Research Article: The curse of dimensionality: Animal-related risk factors for pediatric diarrhea in western Kenya, and methods for dealing with a large number of predictors

Date Published: April 26, 2019

Publisher: Public Library of Science

Author(s): Julianne Meisner, Stephen J. Mooney, Peter M. Rabinowitz, Mohammad Ali.


Pediatric diarrhea, a leading cause of under-five mortality, is predominantly infectious in etiology. As many putative causal agents are zoonotic, animal exposure is a likely risk factor. To evaluate the effect of animal-related factors on moderate to severe childhood diarrhea in rural Kenya, where animal contact is common, Conan et al. studied 73 matched case-control pairs from 2009-2011, collecting rich exposure data on many dimensions of animal contact. We review the challenges associated with analyzing moderately-sized datasets with a large number of predictors and present two alternative methodological approaches.

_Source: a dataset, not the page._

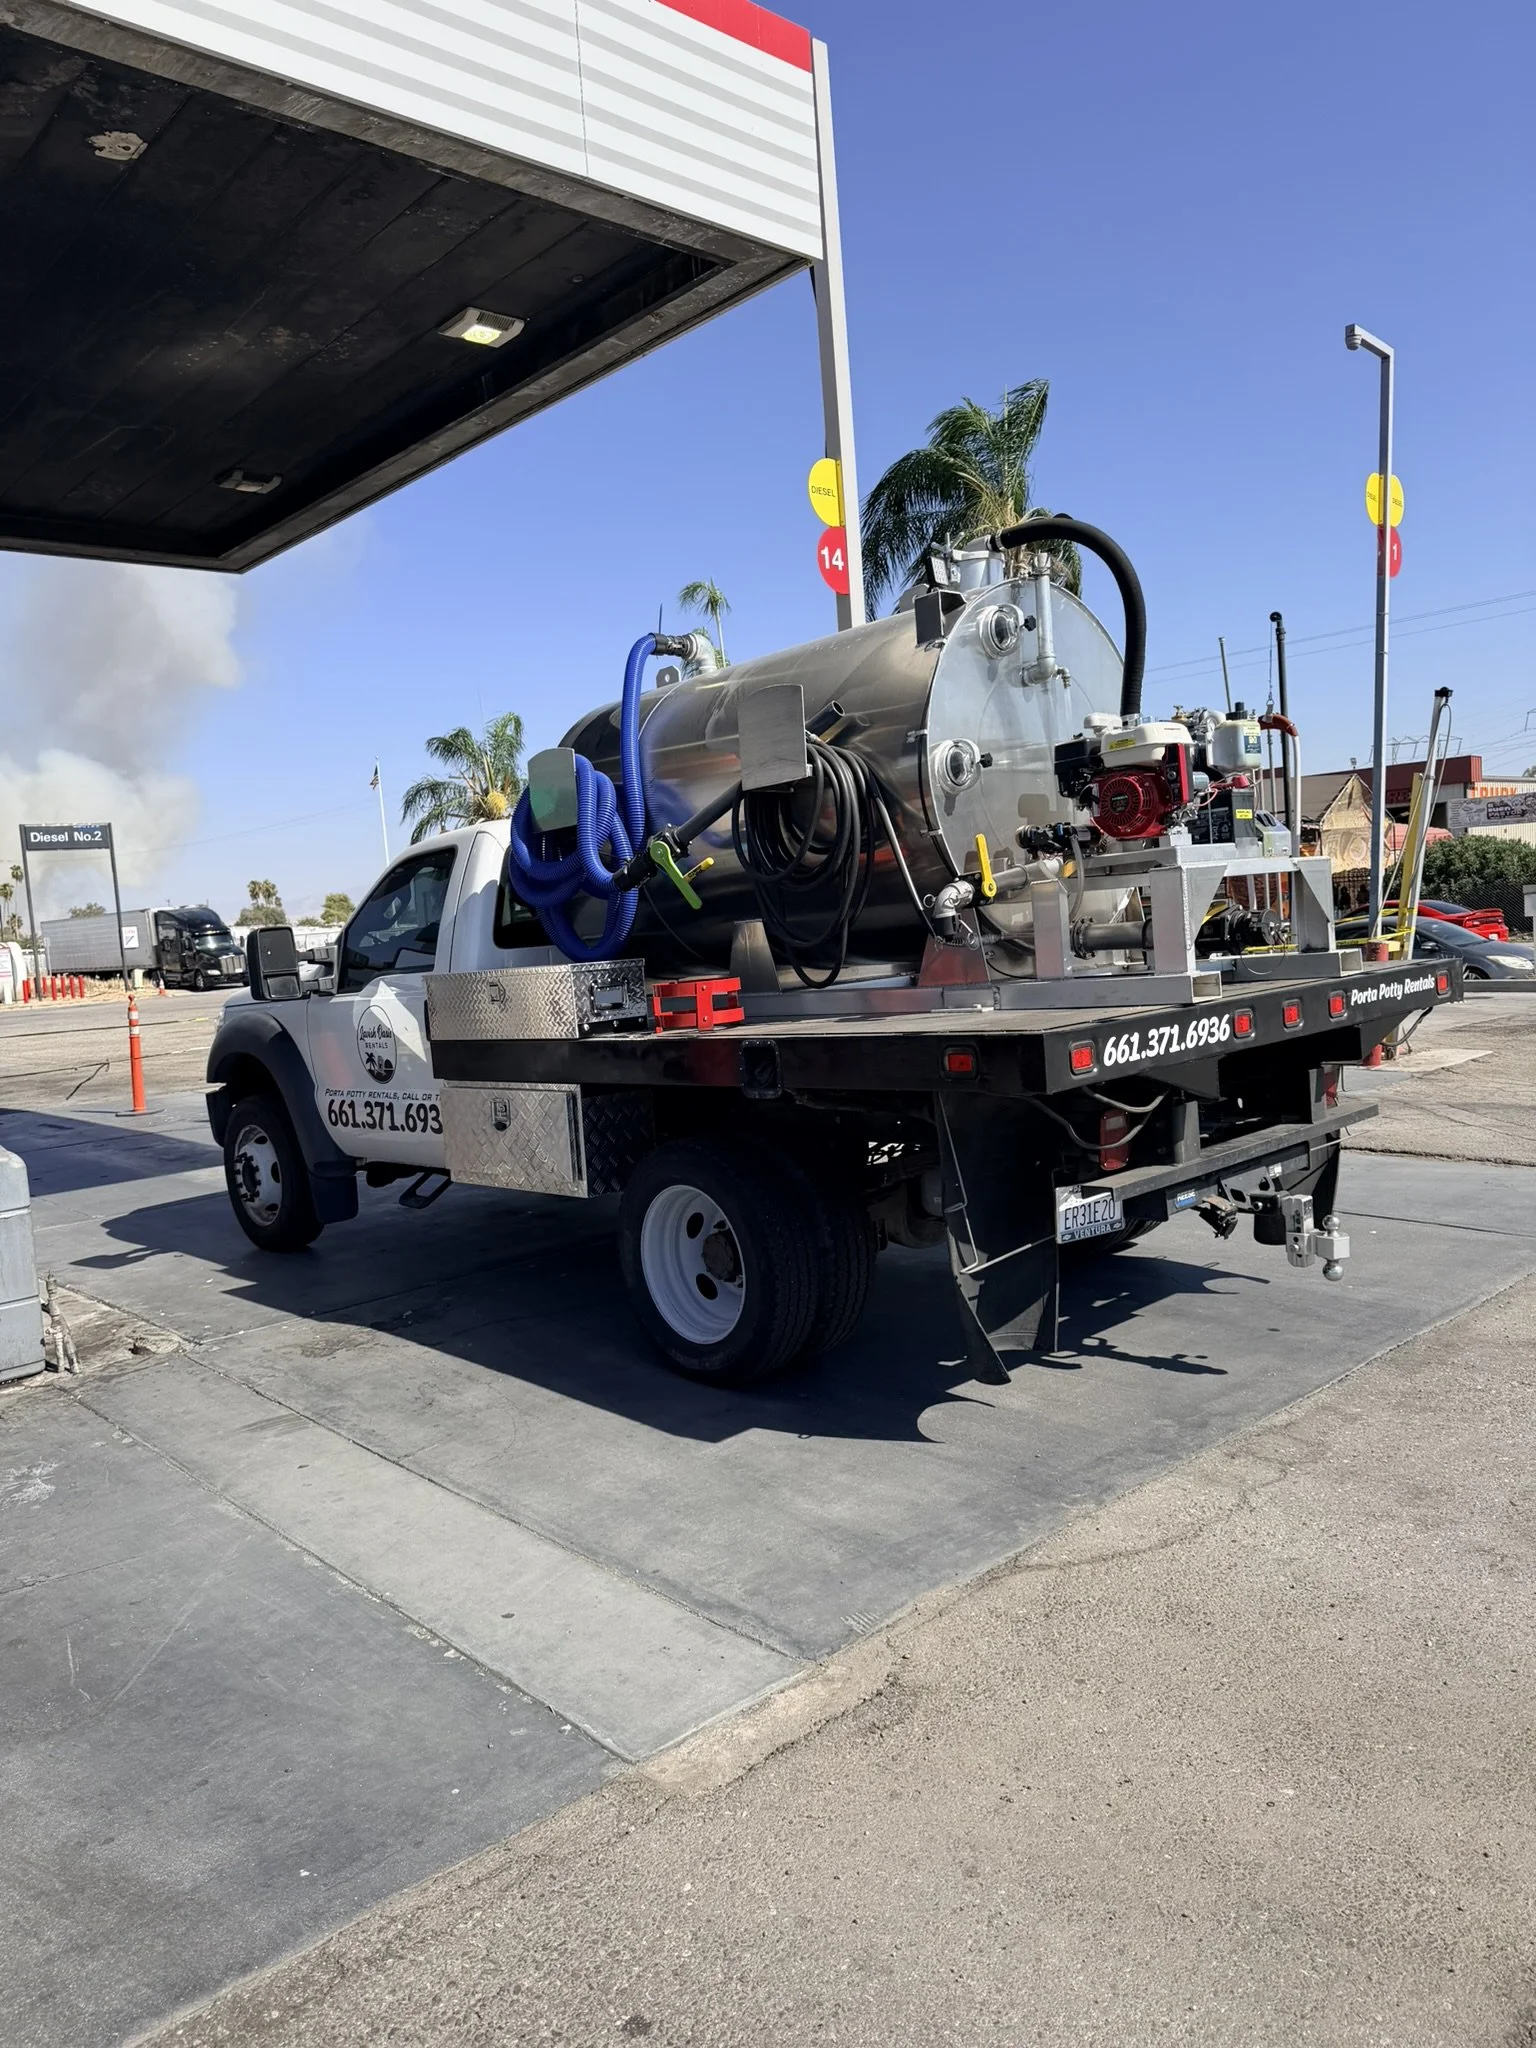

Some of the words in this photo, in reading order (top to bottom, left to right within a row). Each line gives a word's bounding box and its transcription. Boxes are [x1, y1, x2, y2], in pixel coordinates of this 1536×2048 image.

We conducted a simulation study to demonstrate that forward stepwise selection results in overfit models when data are high-dimensional, and that p values reported directly from the data used to train these models are misleading. We described how automated methods of variable selection, attractive when the number of predictors is large, can result in overadjustment bias. We proposed an alternative a priori regression approach not subject to this bias. Applied to Conan et al.’s data, this approach found a non-significant but positive trend for household’s sharing of water sources with livestock or poultry, child’s presence for poultry slaughter, and child’s habit of playing where poultry sleep or defecate. For many predictors evaluated few pairs were discordant, suggesting matching compromised the power of this analysis. Finally, we proposed latent variable modeling as a complimentary approach and performed Item Response Theory modeling on Conan et al.’s data, with animal contact as the latent trait. We found a moderate but non-significant effect (OR 1.21, 95% CI 0.78, 1.87, unit = 1 standard deviation).

Automated methods of model selection are appropriate for prediction models when fit and evaluated on separate samples. However when the goal is inference, these methods can produce misleading results. Furthermore, case-control matching should be done with caution.

Partial Text

Diarrheal disease is the leading cause of pediatric malnutrition and the second leading cause of under five mortality, with over 1.7 billion childhood cases and more than 500,000 under-five deaths each year [1]. Pediatric diarrhea is predominantly caused by bacterial, viral, and parasitic infections, and animals are known reservoirs of several important diarrheal pathogens, including Campylobacter spp., Salmonella spp., and Escherichia coli [2]. In low-resource settings, where animal keeping is a predominant source of income, animal contact is common in both pediatric and adult populations.

R version 3.4.4 was used for all analyses [8].

Of the 624 variables in the cleaned dataset, 530 had a standard deviation greater than 0. Most variables with SD = 0 were pig-related variables, which were mostly missing.

Using simulation, we have demonstrated the risks of automated variable selection in datasets with a high P:N ratio, and the risks of presenting p values from a forward stepwise selected model without validation. Across the 100 simulated datasets, the variables selected for inclusion in each dataset varied markedly. Furthermore under the null model, forward stepwise selection performed on a training dataset produced significant findings that were not replicated in a test dataset. We propose two alternative approaches appropriate to this setting: an a priori model selection approach and latent variable modeling.

Rich datasets, like that generated by the GEMS-ZED substudy, provide the opportunity to answer many research questions in a single analysis. When the data were collected on a vulnerable or hard-to-access population, or the research questions are particularly sensitive, this opportunity should not be overlooked. However, there are analytical challenges attendant to the analyses of these datasets, which will not present themselves as errors in statistical software. To ensure the scientific value—and thus the public health impacts—of such analyses are optimized, we propose an a priori approach to variable selection, in complement with latent variable modeling if it is reasonable to hypothesize the presence of a latent trait and its effects are of scientific interest. We also urge caution in selection of matching variables; in particular, matching variables must be strong risk factors for the outcome of interest (determined by subject-matter knowledge), and care should be taken before matching for variables that may be strongly associated with the exposure of interest. If such variables are truly strong confounders, sample size should be increased accordingly, if at all possible.